Sunday 16 December 2012

How I used to express my feelings and time I showed a bit more even if it is strange

When I was younger I used to sort of write a blog but on paper and I used to write it more to myself as a third person. For years I did it but no one ever saw it until recently and I have actually now lost the papers
But I know exactly what I wrote

Those feelings and thoughts don't go away

I'm sat here in hospital looking out the window at that there London Town listening to my music and to my own thoughts

So I thought I'd write a little down about how I feel when I'm like this and let you read it

Sorry if any is upsetting but no point being blunt its boring

I'm going to talk about how I strangely accept things in no uncertain terms

So it's currently 12:30am most people by now are either asleep working or drunk (pick which one you was at that time)

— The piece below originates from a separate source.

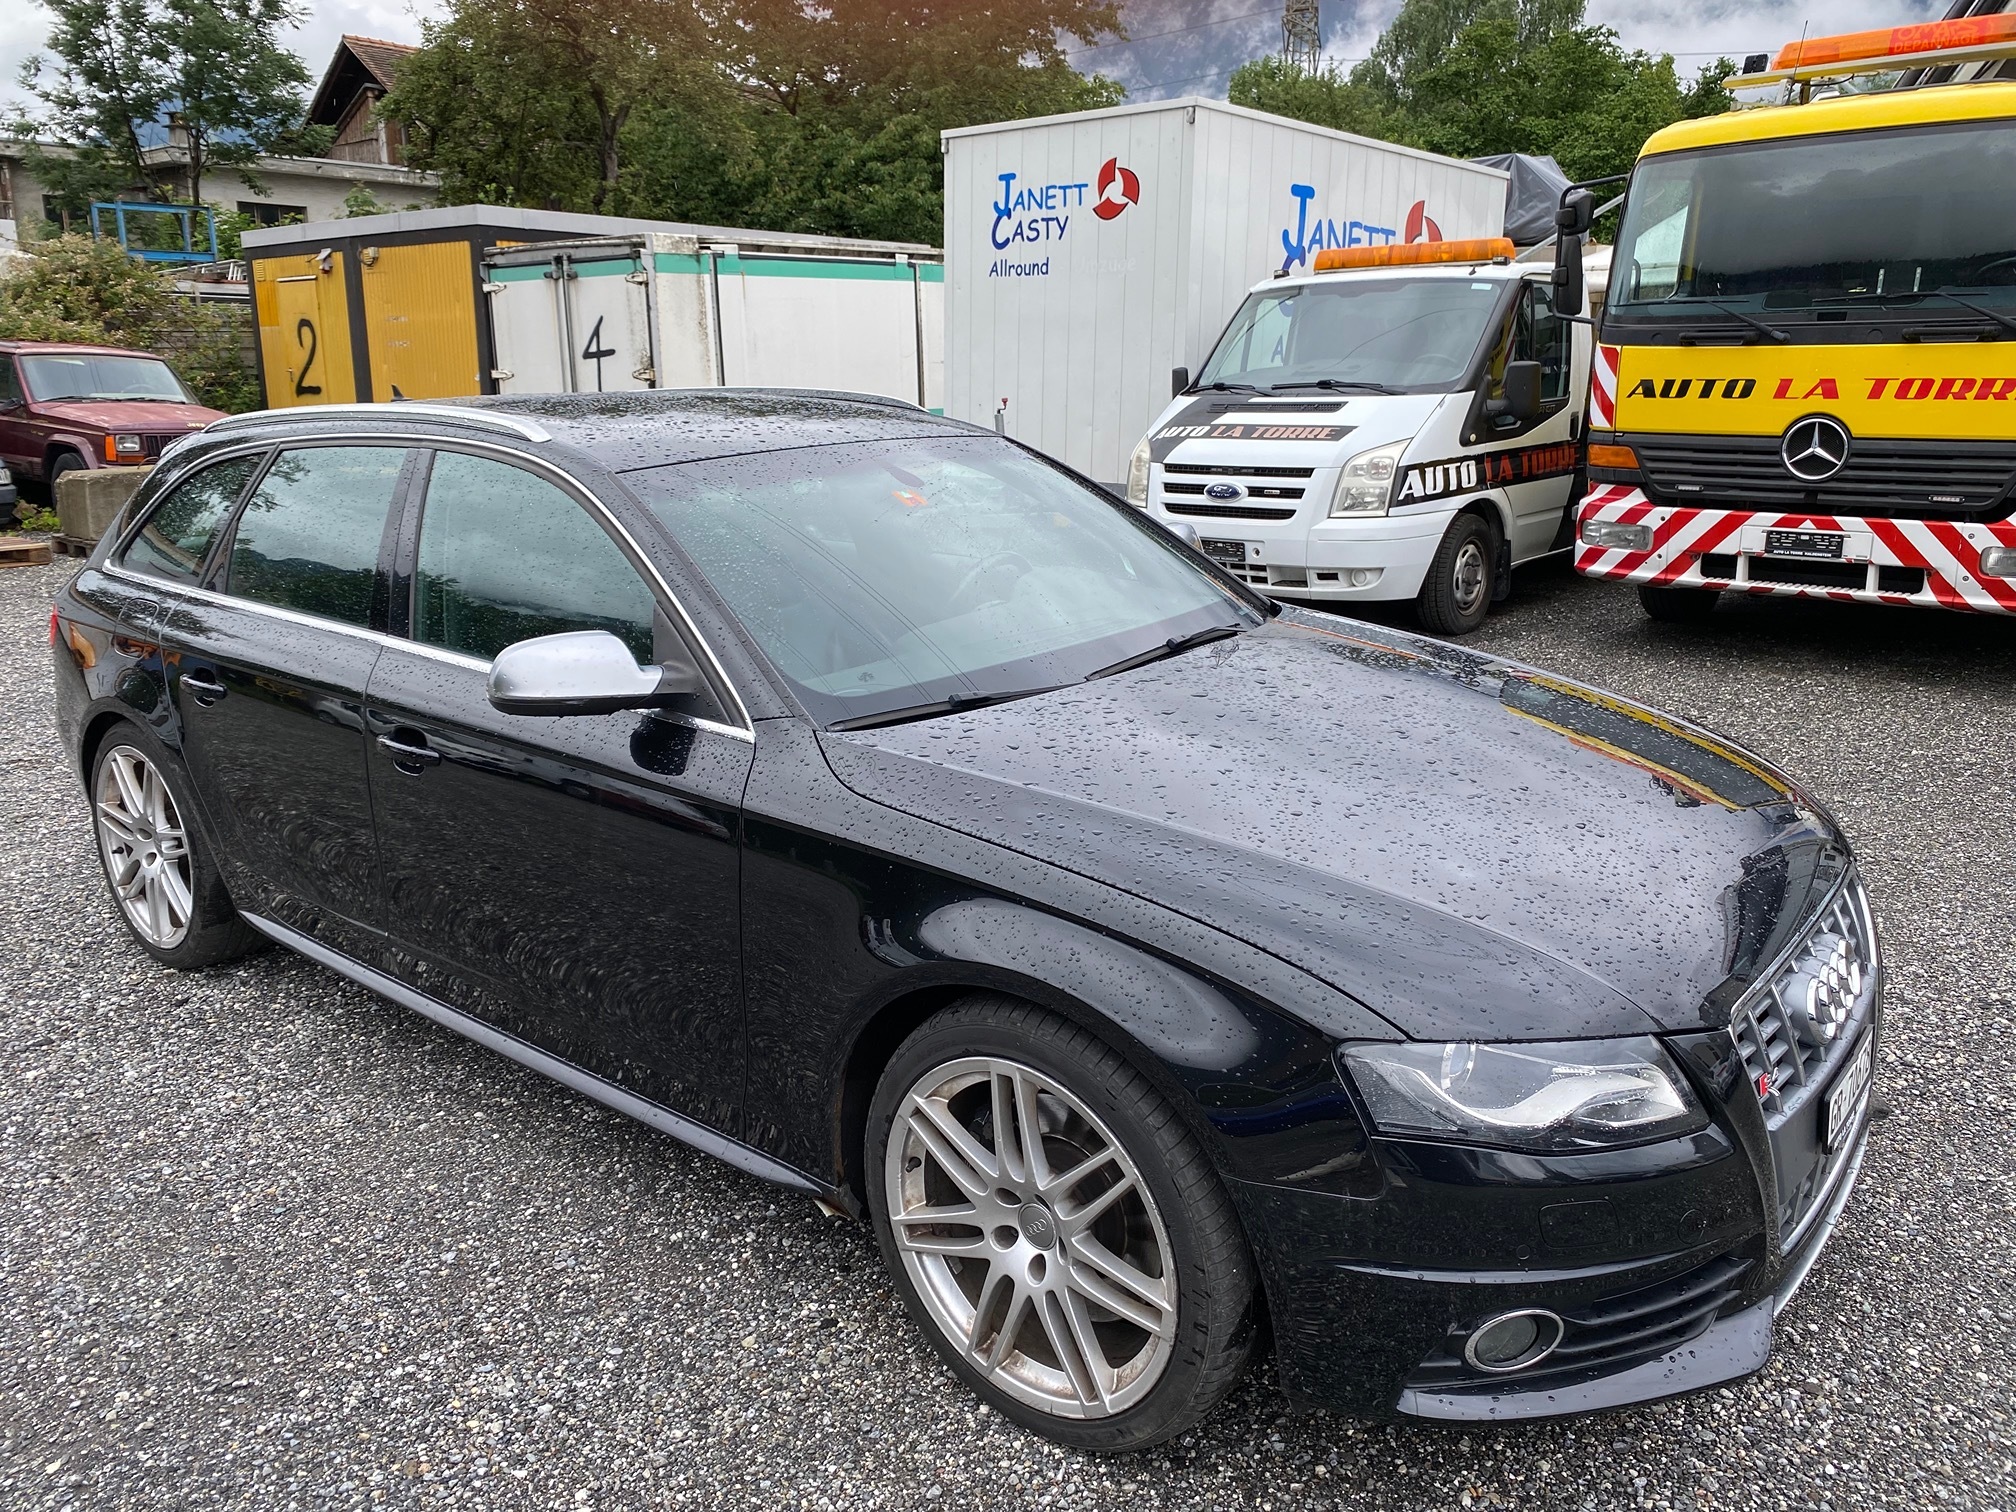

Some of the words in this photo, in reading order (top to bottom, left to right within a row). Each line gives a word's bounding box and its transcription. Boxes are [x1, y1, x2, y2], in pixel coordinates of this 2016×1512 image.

Me well I'm sat here in hospital going through my usual cant sleep lets think

I love looking at London it's beautiful, it's a place I love to come to and could more than likely live here. Not work though oh it's to busy but live here would be great moving at your own pace watching others rush to work at the necessary pace to get somewhere at the right time

It's thought provoking to watch

"Why the rush? What are you late for?"

It makes me think "life waits for no man"

Never a moment to stop in that moment of "I must get there"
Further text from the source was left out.